▶ _About this task_
Return the line containing "this 1200×1800 image." together with every later line up to the end of the records, exactly and with no pictures; return nothing else.

▶ _Input records_

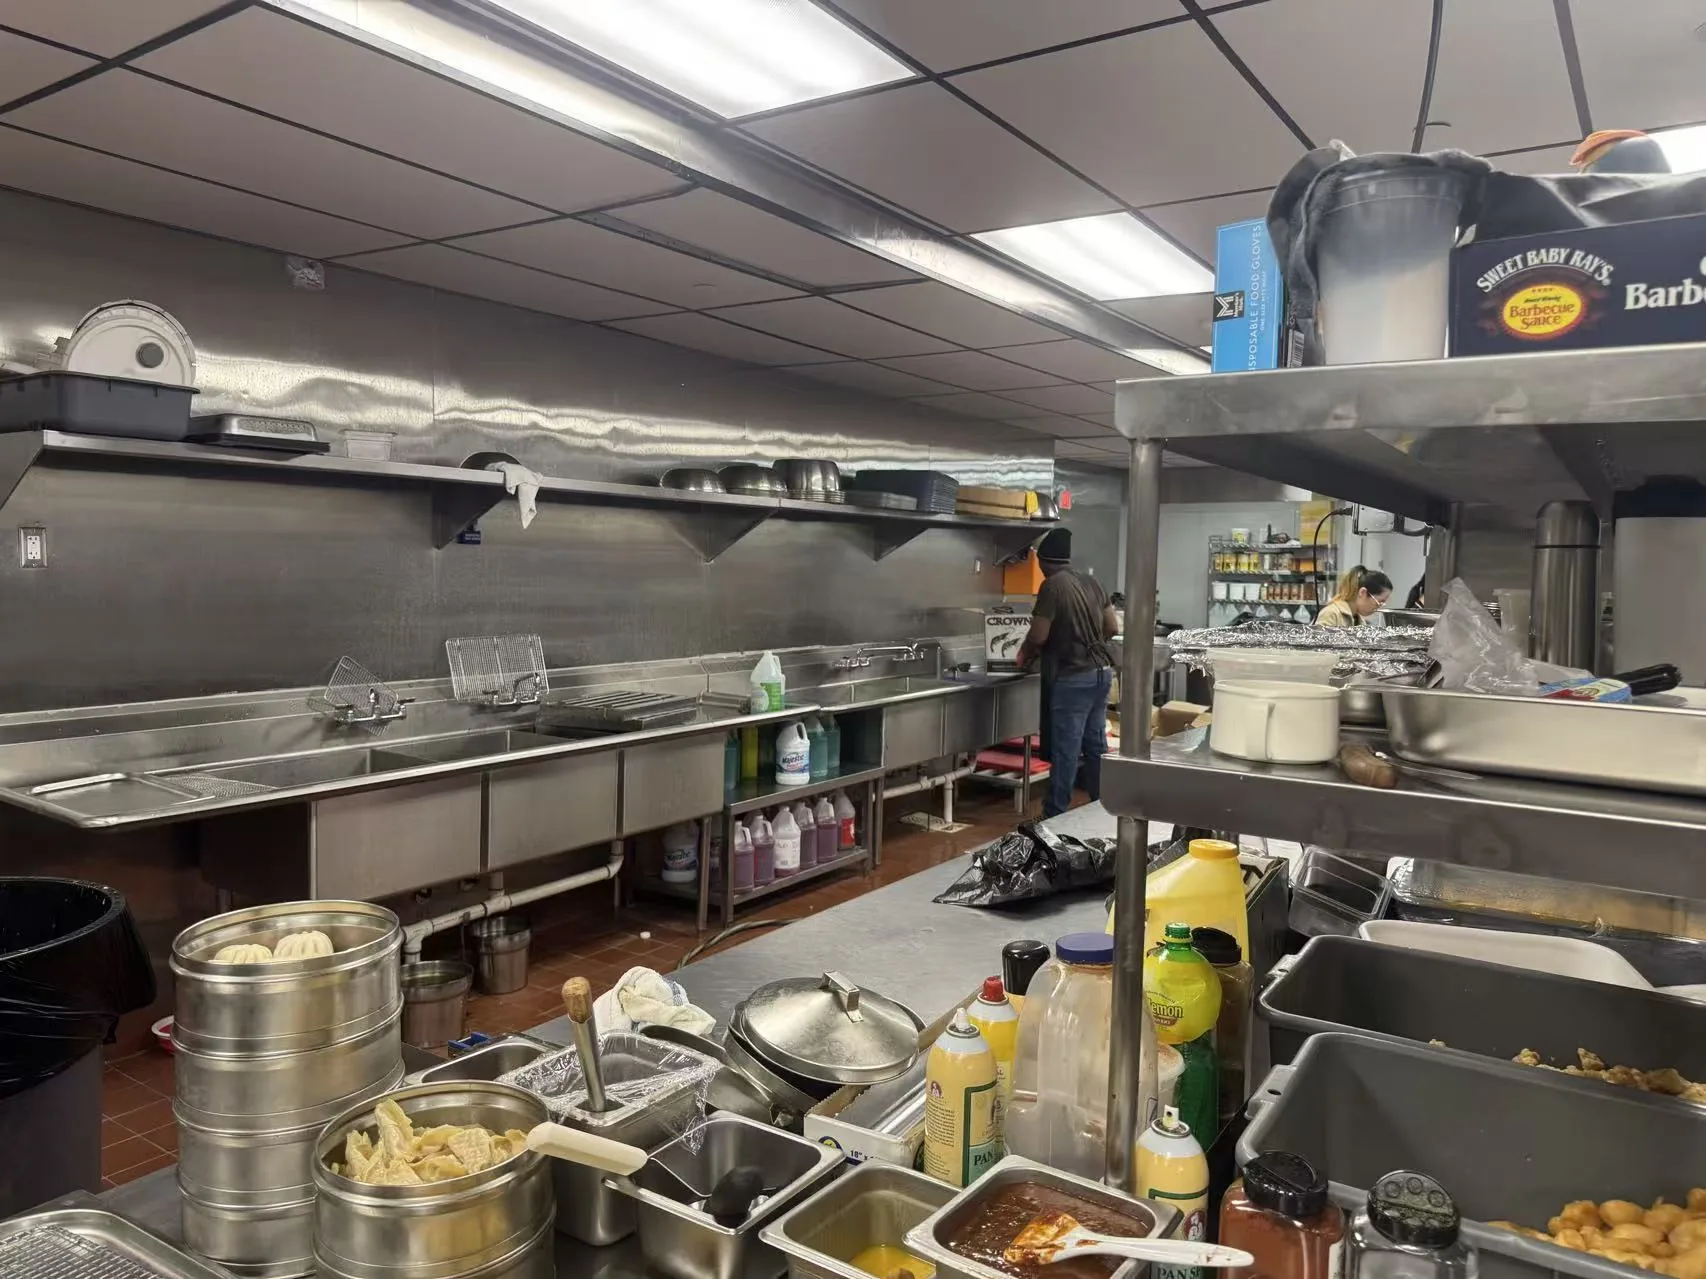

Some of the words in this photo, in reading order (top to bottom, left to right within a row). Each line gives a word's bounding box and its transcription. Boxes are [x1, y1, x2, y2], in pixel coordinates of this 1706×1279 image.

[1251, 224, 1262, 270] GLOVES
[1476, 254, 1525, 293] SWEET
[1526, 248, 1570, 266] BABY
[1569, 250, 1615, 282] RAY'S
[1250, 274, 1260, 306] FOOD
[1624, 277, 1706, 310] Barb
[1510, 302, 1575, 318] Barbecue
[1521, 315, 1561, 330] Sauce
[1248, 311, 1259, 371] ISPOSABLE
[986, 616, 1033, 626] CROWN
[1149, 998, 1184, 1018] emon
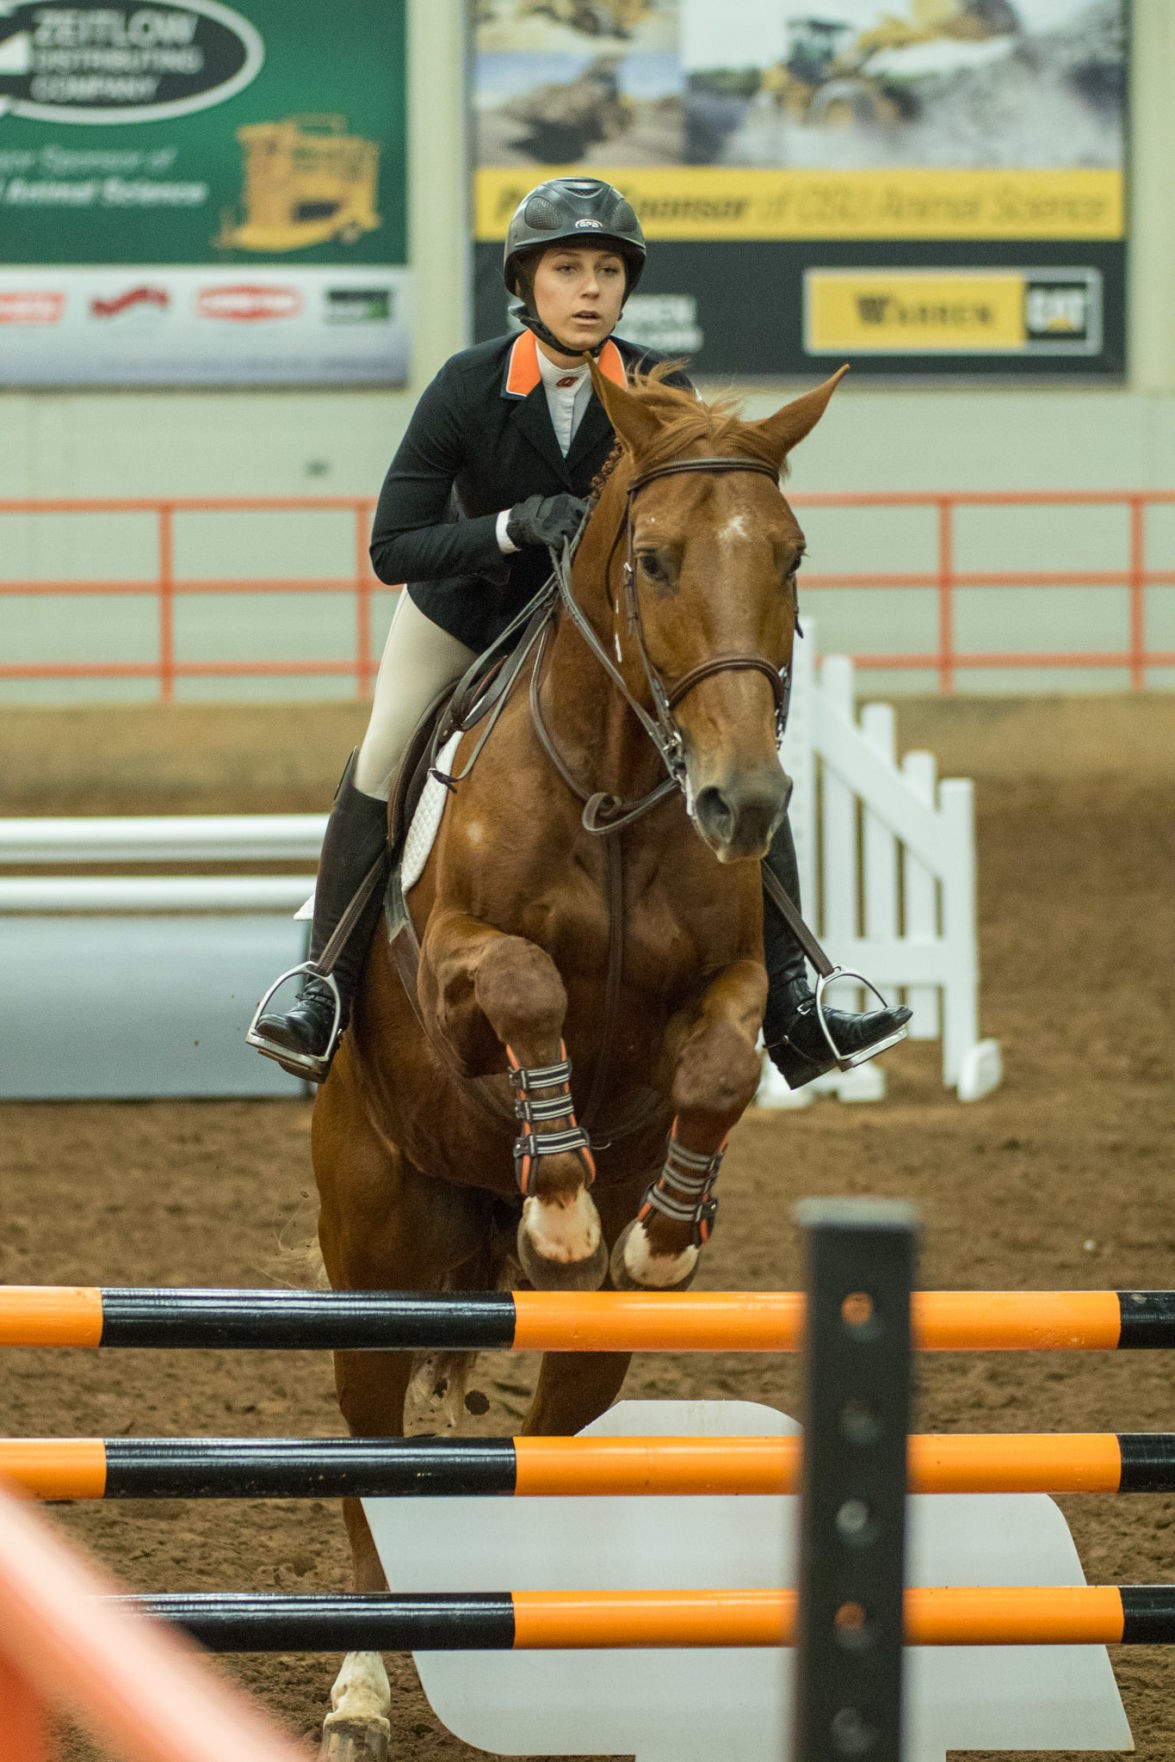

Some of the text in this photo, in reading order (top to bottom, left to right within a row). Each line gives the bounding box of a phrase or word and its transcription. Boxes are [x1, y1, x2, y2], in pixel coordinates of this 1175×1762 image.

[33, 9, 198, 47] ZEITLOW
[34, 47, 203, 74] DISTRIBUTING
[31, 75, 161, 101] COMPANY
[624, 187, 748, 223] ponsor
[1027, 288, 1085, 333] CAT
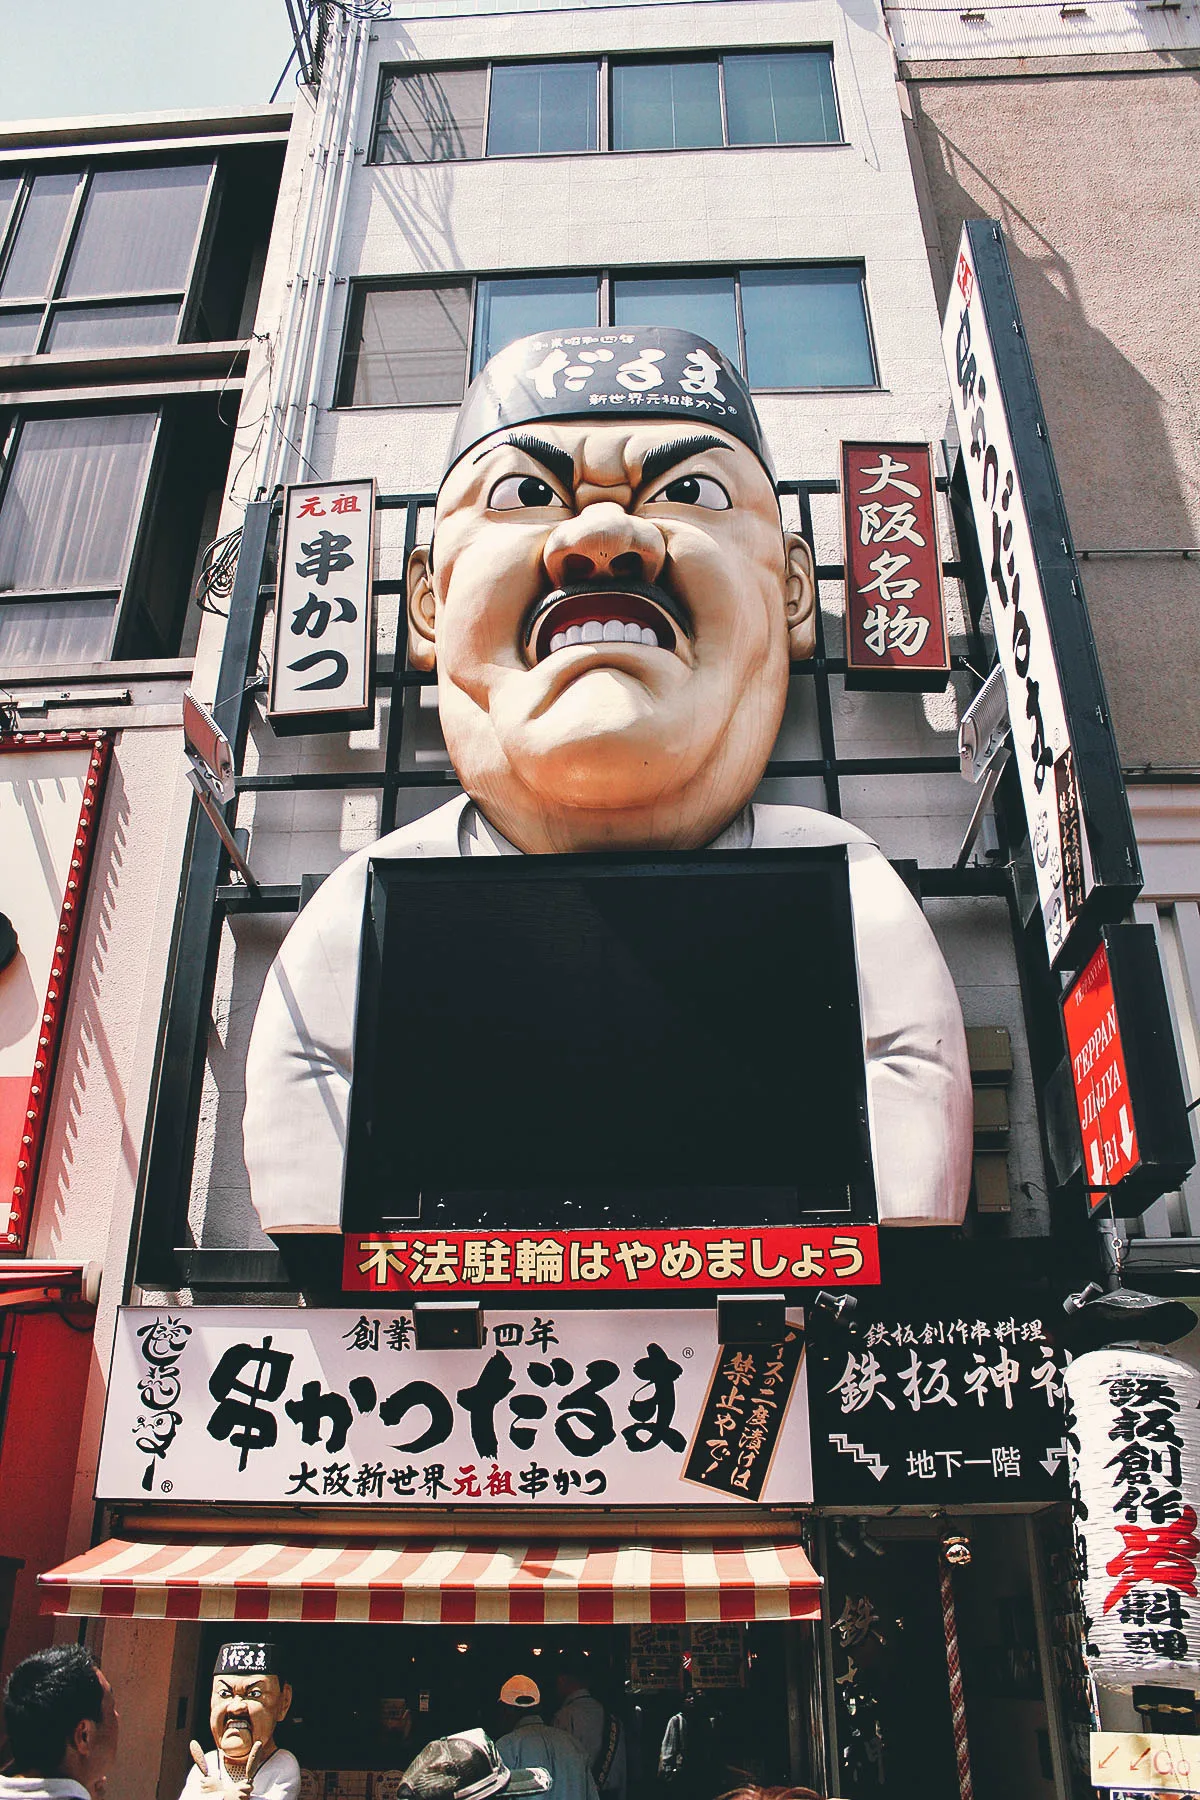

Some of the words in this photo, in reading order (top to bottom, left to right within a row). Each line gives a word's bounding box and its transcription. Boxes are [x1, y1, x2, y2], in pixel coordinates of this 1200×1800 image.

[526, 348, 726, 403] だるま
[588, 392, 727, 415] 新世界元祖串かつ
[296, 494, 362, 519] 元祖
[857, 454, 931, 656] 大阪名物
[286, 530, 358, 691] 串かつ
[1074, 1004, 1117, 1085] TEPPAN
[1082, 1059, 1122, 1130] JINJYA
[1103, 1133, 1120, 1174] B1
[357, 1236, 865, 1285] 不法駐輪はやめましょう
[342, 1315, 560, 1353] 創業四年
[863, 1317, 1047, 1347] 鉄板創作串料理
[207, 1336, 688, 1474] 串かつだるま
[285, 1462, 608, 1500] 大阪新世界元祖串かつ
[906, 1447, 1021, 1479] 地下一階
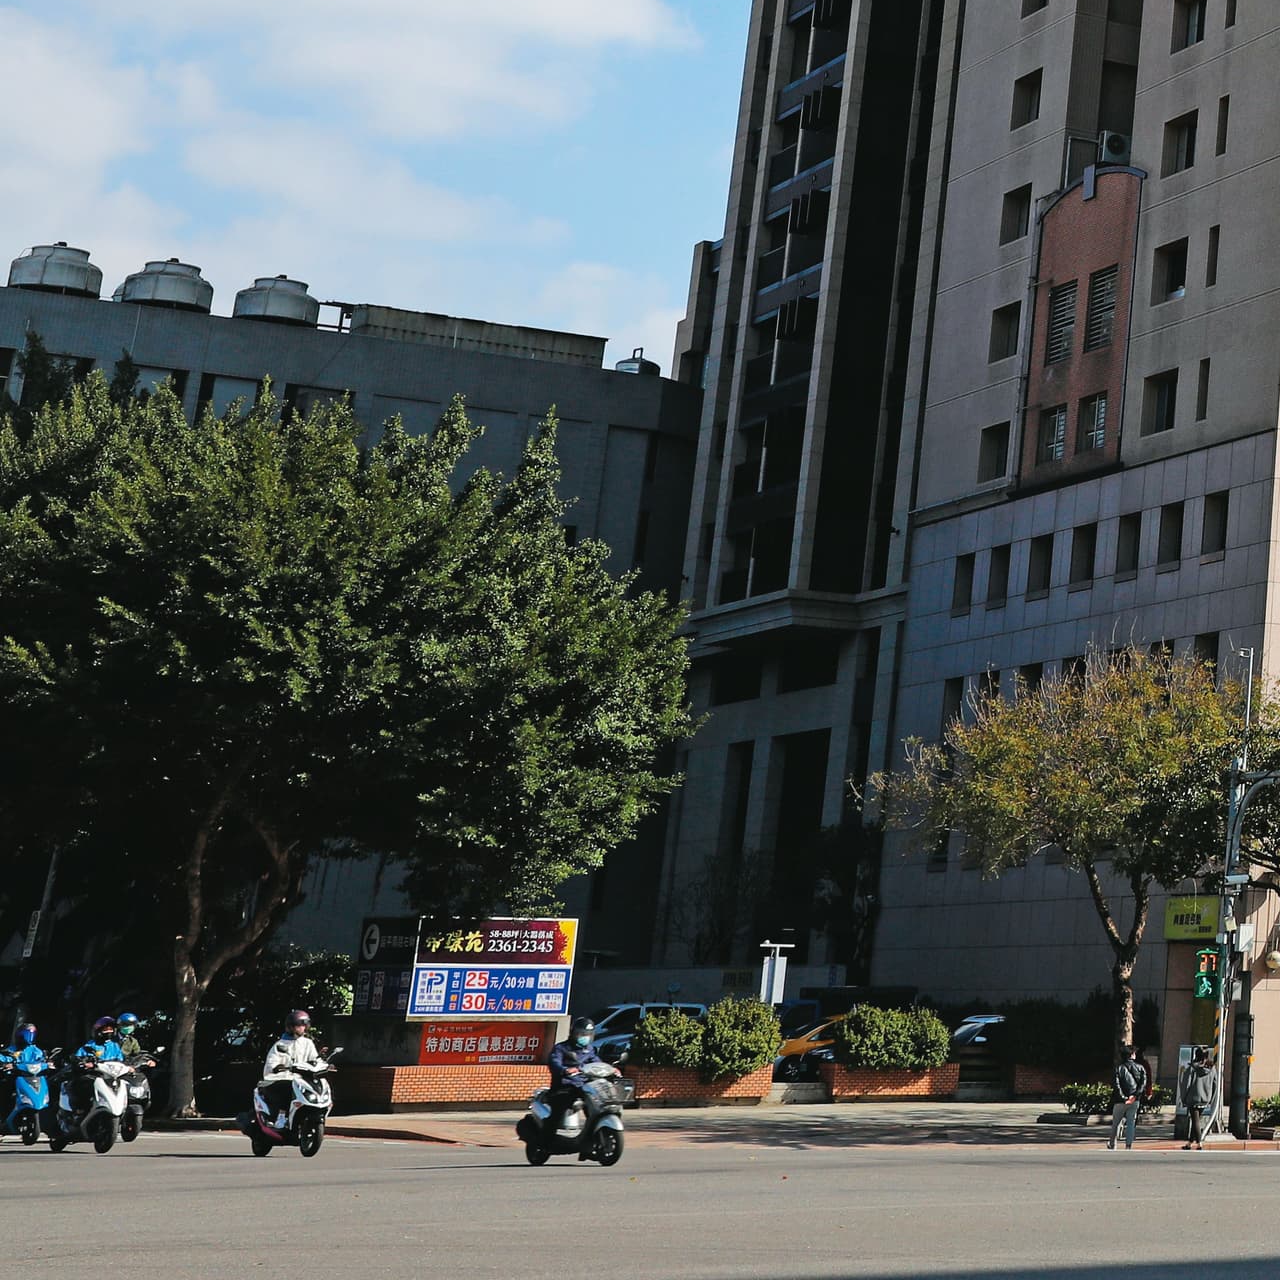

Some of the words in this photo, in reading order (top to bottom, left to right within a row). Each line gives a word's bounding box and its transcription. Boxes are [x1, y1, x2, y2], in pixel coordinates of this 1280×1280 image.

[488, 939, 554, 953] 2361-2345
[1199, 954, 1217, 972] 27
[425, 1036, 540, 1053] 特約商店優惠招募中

▶ _Response box_
Some of the words in this photo, in reading order (top to bottom, left to right within a row). Each line gives a word's bounding box and its transcription. Boxes are [x1, y1, x2, y2], in pixel coordinates of this 1200×1800 image.

[526, 348, 726, 403] だるま
[588, 392, 727, 415] 新世界元祖串かつ
[296, 494, 362, 519] 元祖
[857, 454, 931, 656] 大阪名物
[286, 530, 358, 691] 串かつ
[1074, 1004, 1117, 1085] TEPPAN
[1082, 1059, 1122, 1130] JINJYA
[1103, 1133, 1120, 1174] B1
[357, 1236, 865, 1285] 不法駐輪はやめましょう
[342, 1315, 560, 1353] 創業四年
[863, 1317, 1047, 1347] 鉄板創作串料理
[207, 1336, 688, 1474] 串かつだるま
[285, 1462, 608, 1500] 大阪新世界元祖串かつ
[906, 1447, 1021, 1479] 地下一階

Some of the words in this photo, in reading order (top to bottom, left to right within a row). Each line gives a word's bounding box and its transcription. Boxes are [x1, y1, x2, y2], in pixel coordinates of this 1280×1280 image.

[488, 939, 554, 953] 2361-2345
[1199, 954, 1217, 972] 27
[425, 1036, 540, 1053] 特約商店優惠招募中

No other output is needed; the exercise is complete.